→ Task requirements: Since the copy must hold text only, transcribe the data below exactly and omit the images.

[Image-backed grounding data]
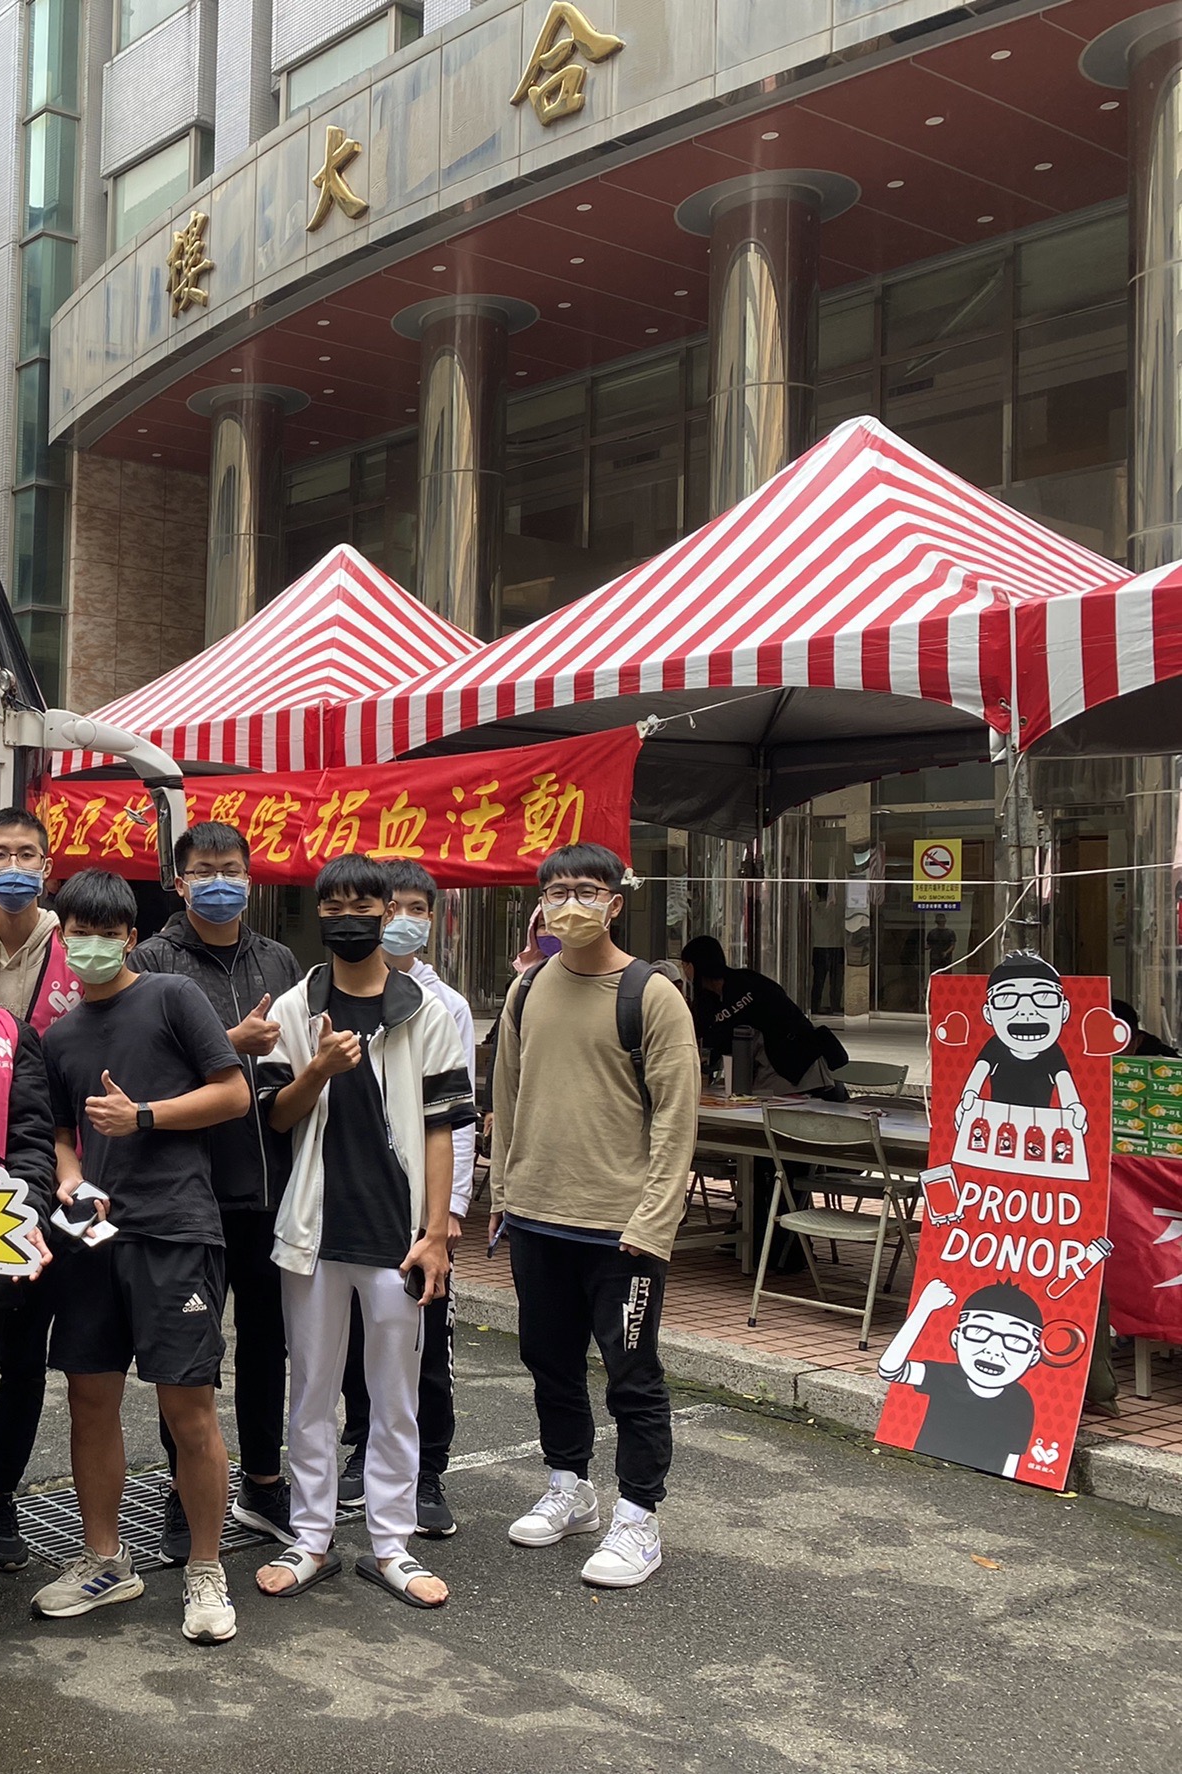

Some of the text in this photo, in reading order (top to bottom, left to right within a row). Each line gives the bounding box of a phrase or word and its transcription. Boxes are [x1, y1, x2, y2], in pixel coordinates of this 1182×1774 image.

[35, 772, 585, 862] 南亞技學院捐血活動
[955, 1181, 1081, 1226] PROUD
[940, 1227, 1086, 1280] DONOR
[182, 1303, 207, 1313] adidas
[627, 1276, 651, 1349] ATTITUDE

→ Solution to this problem:
Some of the text in this photo, in reading order (top to bottom, left to right within a row). Each line gives the bounding box of a phrase or word and its transcription. Boxes are [x1, y1, x2, y2], in pixel coordinates of this 1182×1774 image.

[35, 772, 585, 862] 南亞技學院捐血活動
[955, 1181, 1081, 1226] PROUD
[940, 1227, 1086, 1280] DONOR
[182, 1303, 207, 1313] adidas
[627, 1276, 651, 1349] ATTITUDE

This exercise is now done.